*Data entries*

^^^^

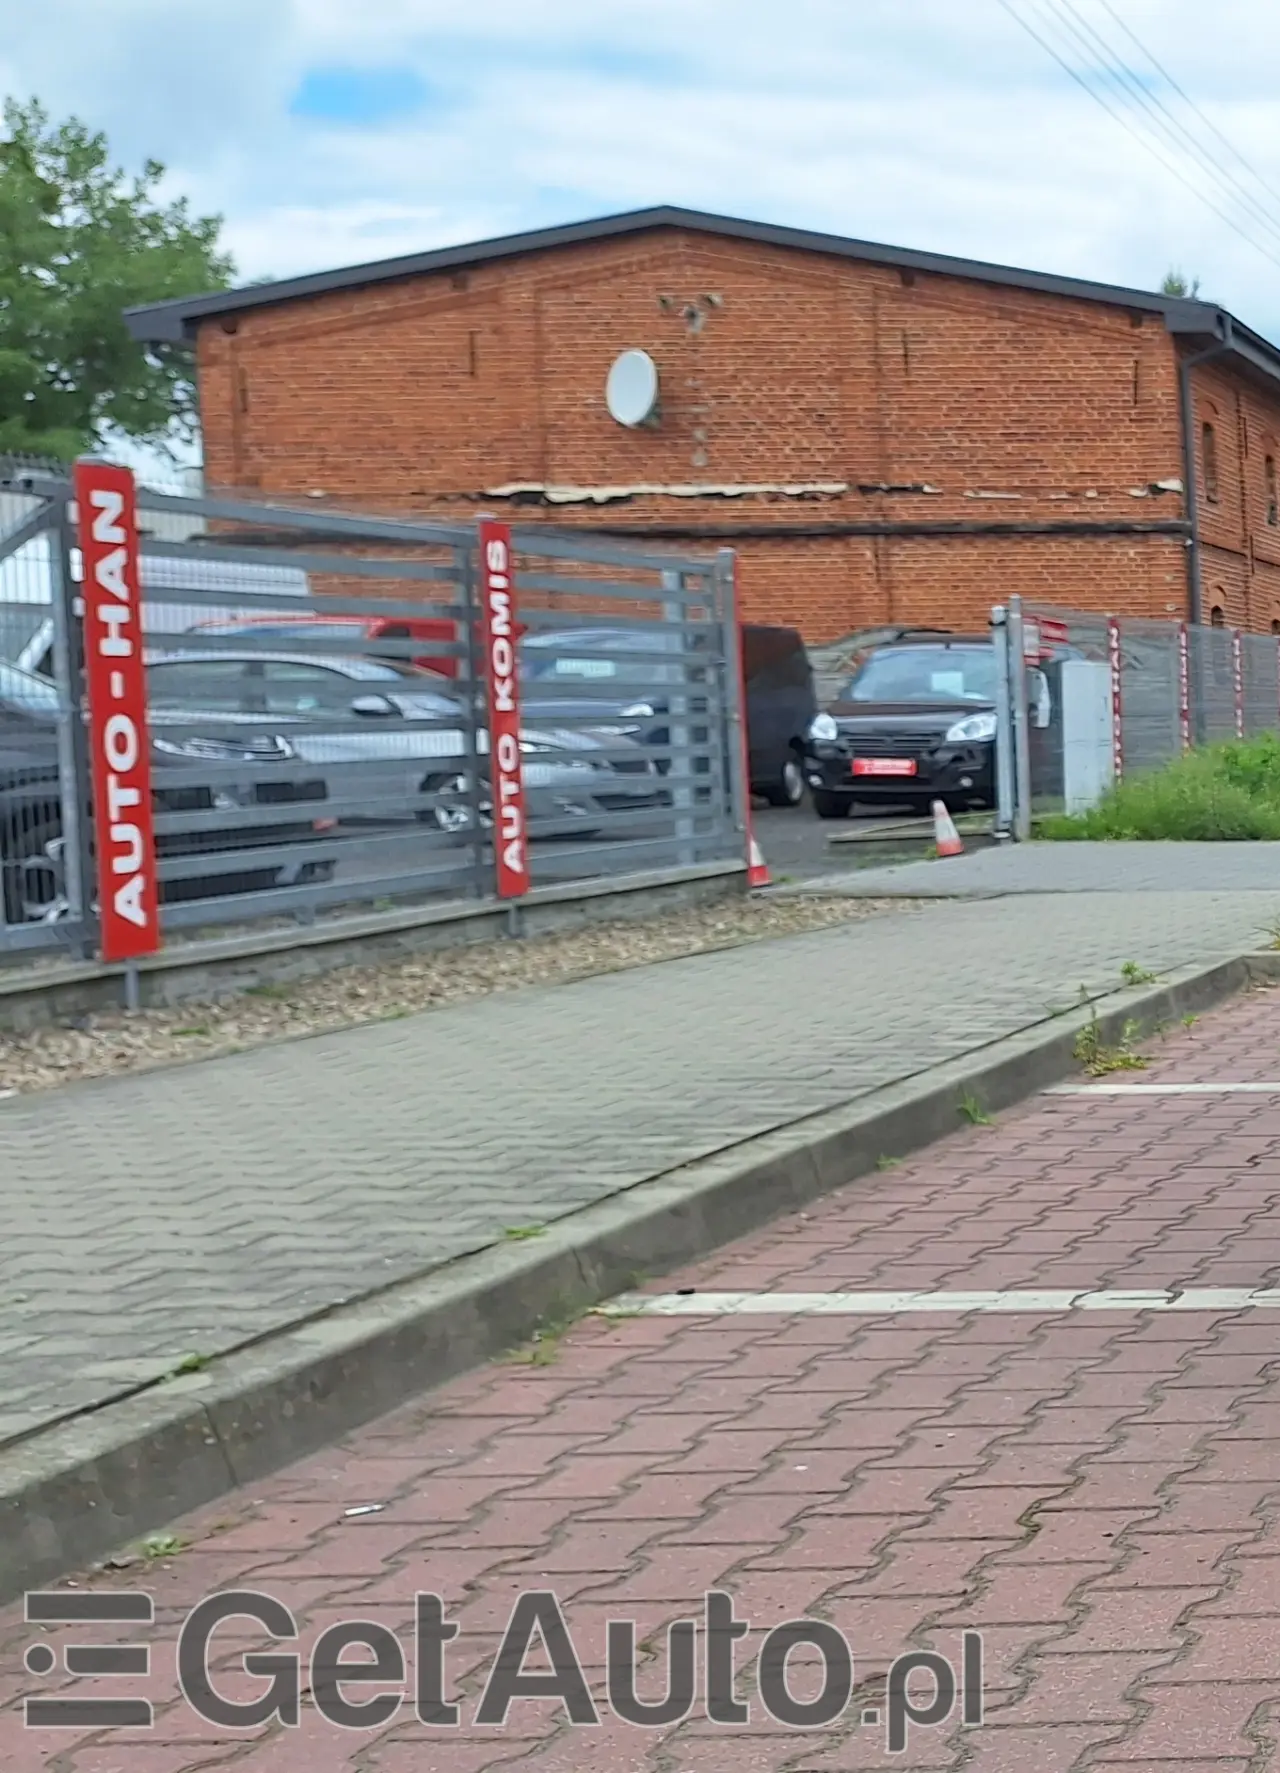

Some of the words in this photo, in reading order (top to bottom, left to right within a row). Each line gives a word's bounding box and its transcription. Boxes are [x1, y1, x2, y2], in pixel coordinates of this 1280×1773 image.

[89, 489, 133, 657] HAN
[486, 540, 515, 711] KOMIS
[104, 713, 147, 927] AUTO
[499, 733, 525, 873] AUTO
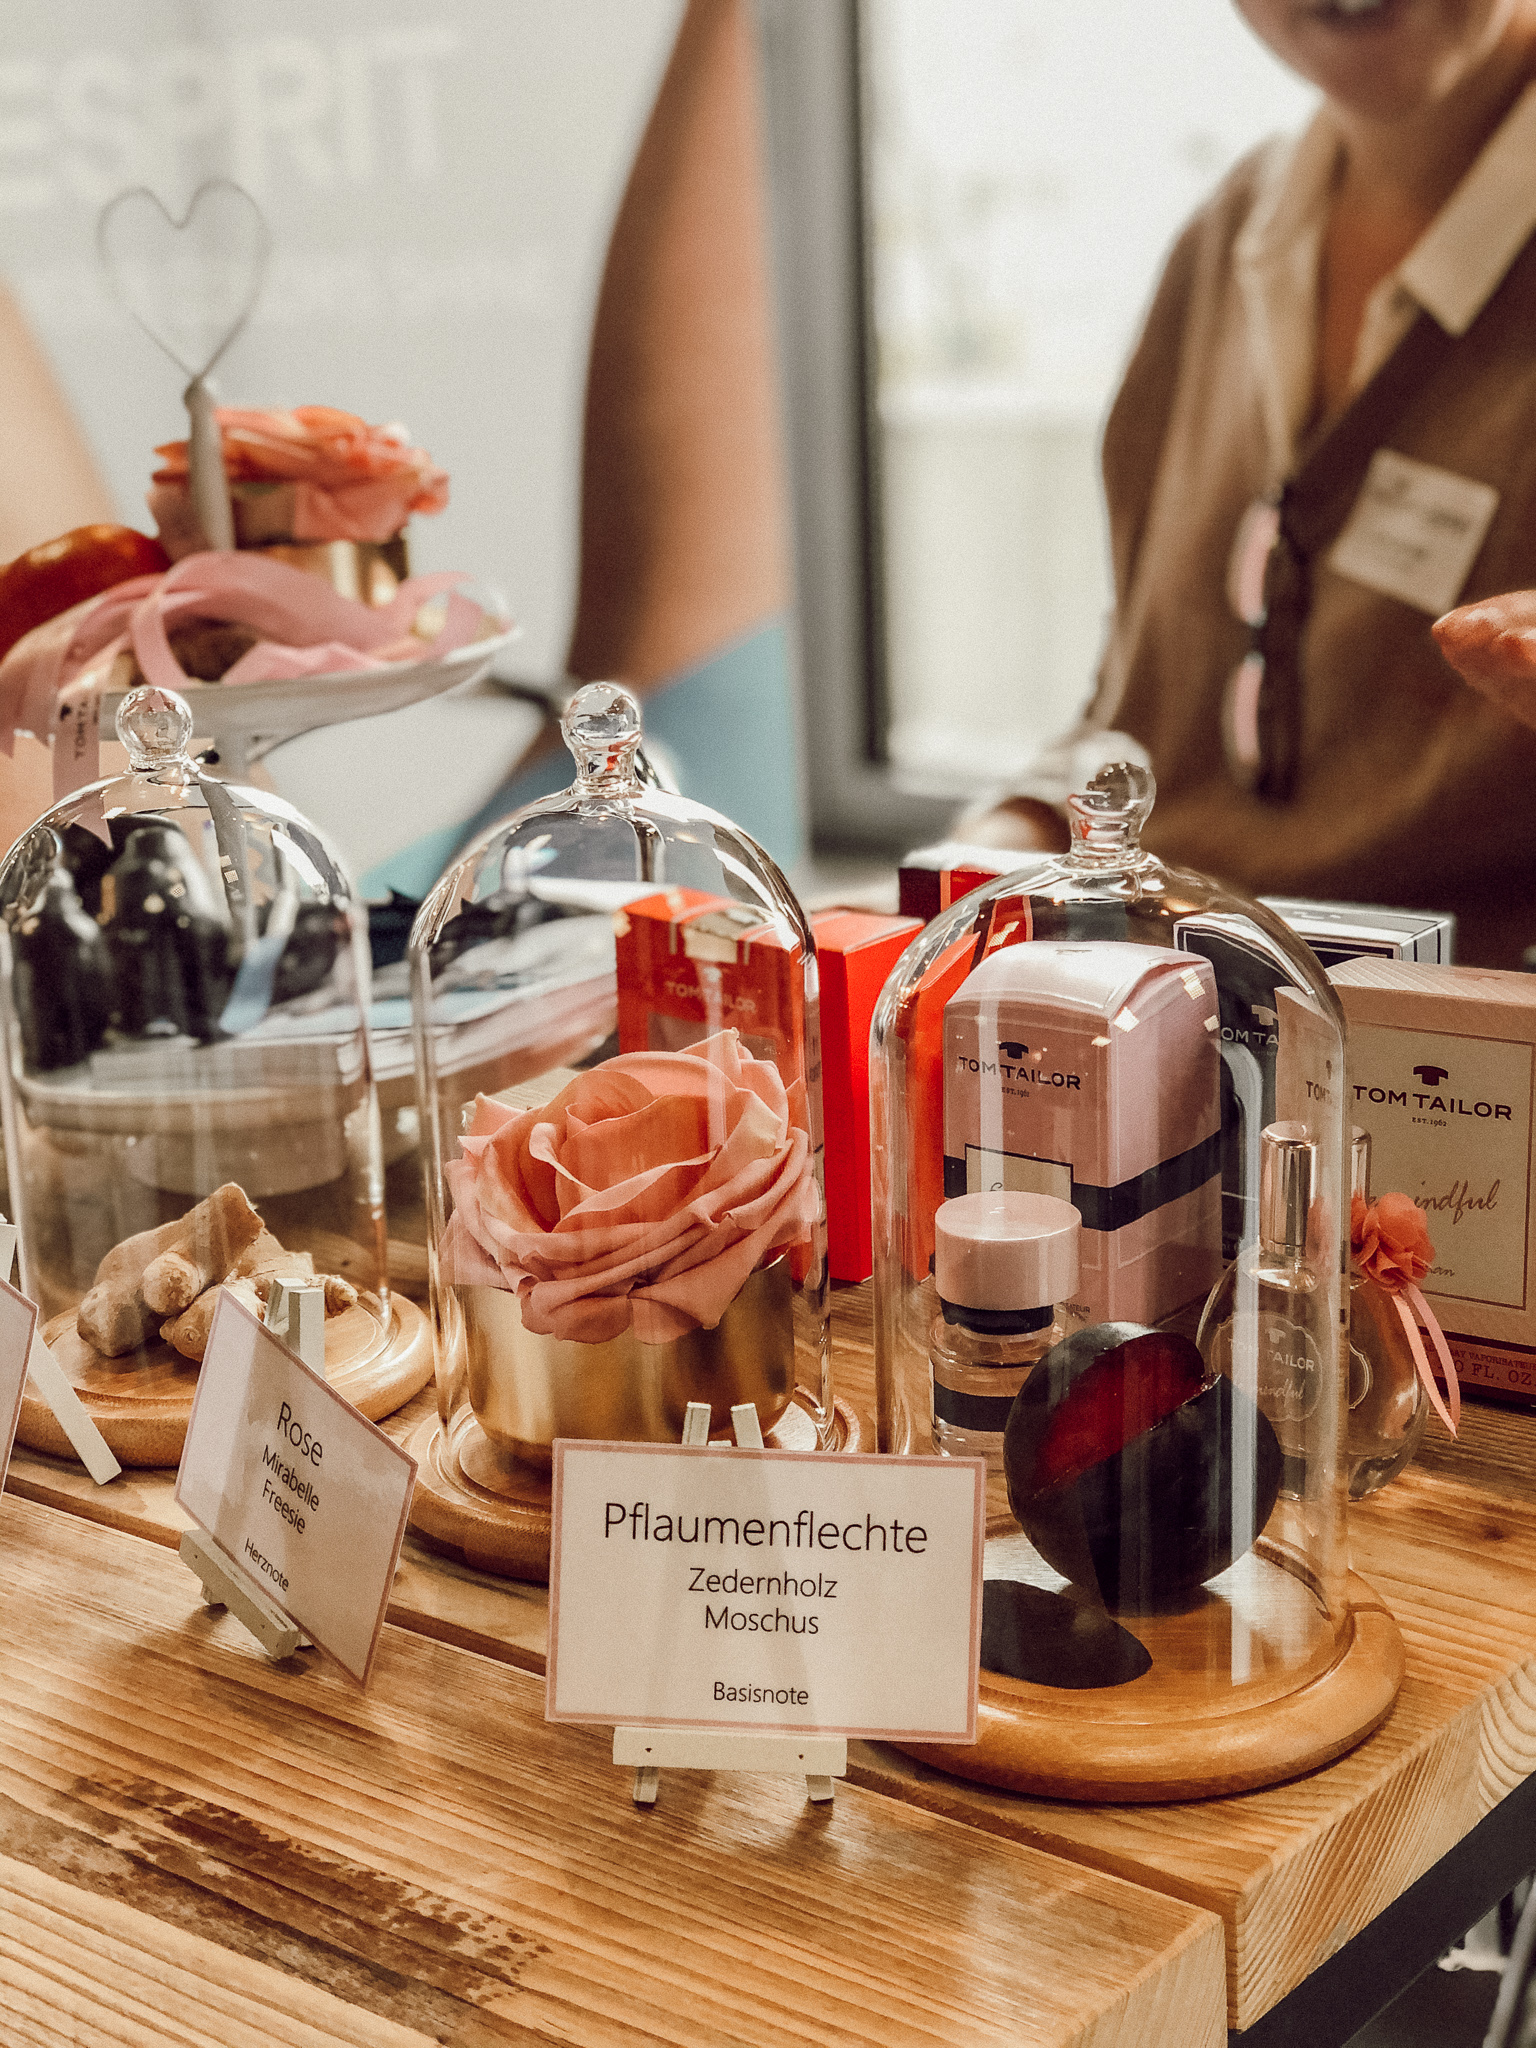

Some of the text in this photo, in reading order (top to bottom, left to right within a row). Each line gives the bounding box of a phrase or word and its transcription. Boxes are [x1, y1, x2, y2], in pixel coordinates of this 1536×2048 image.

[1220, 1026, 1278, 1046] OM TA
[958, 1056, 1081, 1091] TOM TAILOR
[1352, 1085, 1407, 1107] TOM
[1412, 1093, 1512, 1121] TAILOR
[1411, 1116, 1447, 1128] EST.1962
[1413, 1178, 1501, 1225] indful
[1471, 1362, 1501, 1381] FL.
[276, 1401, 324, 1467] Rose
[262, 1444, 320, 1512] Mirabelle
[262, 1478, 306, 1534] Freesie
[604, 1501, 928, 1554] Pflaumenflechte
[244, 1537, 289, 1592] Herznote
[688, 1567, 838, 1598] Zedernholz
[705, 1604, 819, 1635] Moschus
[713, 1681, 809, 1706] Basisnote

^^^^

*Exercise requirements*
Print the data word for word and omit the pictures.

*Answer space*
Some of the words in this photo, in reading order (top to bottom, left to right within a row). Each line gives a word's bounding box and its transcription. Boxes are [x1, y1, x2, y2], in pixel coordinates of this 1280×1773 image.

[89, 489, 133, 657] HAN
[486, 540, 515, 711] KOMIS
[104, 713, 147, 927] AUTO
[499, 733, 525, 873] AUTO

Some of the text in this photo, in reading order (top to bottom, left to right within a row). Each line gives the bounding box of a phrase or word and its transcription. Boxes are [x1, y1, x2, y2], in pixel coordinates of this 1536×2048 image.

[1220, 1026, 1278, 1046] OM TA
[958, 1056, 1081, 1091] TOM TAILOR
[1352, 1085, 1407, 1107] TOM
[1412, 1093, 1512, 1121] TAILOR
[1411, 1116, 1447, 1128] EST.1962
[1413, 1178, 1501, 1225] indful
[1471, 1362, 1501, 1381] FL.
[276, 1401, 324, 1467] Rose
[262, 1444, 320, 1512] Mirabelle
[262, 1478, 306, 1534] Freesie
[604, 1501, 928, 1554] Pflaumenflechte
[244, 1537, 289, 1592] Herznote
[688, 1567, 838, 1598] Zedernholz
[705, 1604, 819, 1635] Moschus
[713, 1681, 809, 1706] Basisnote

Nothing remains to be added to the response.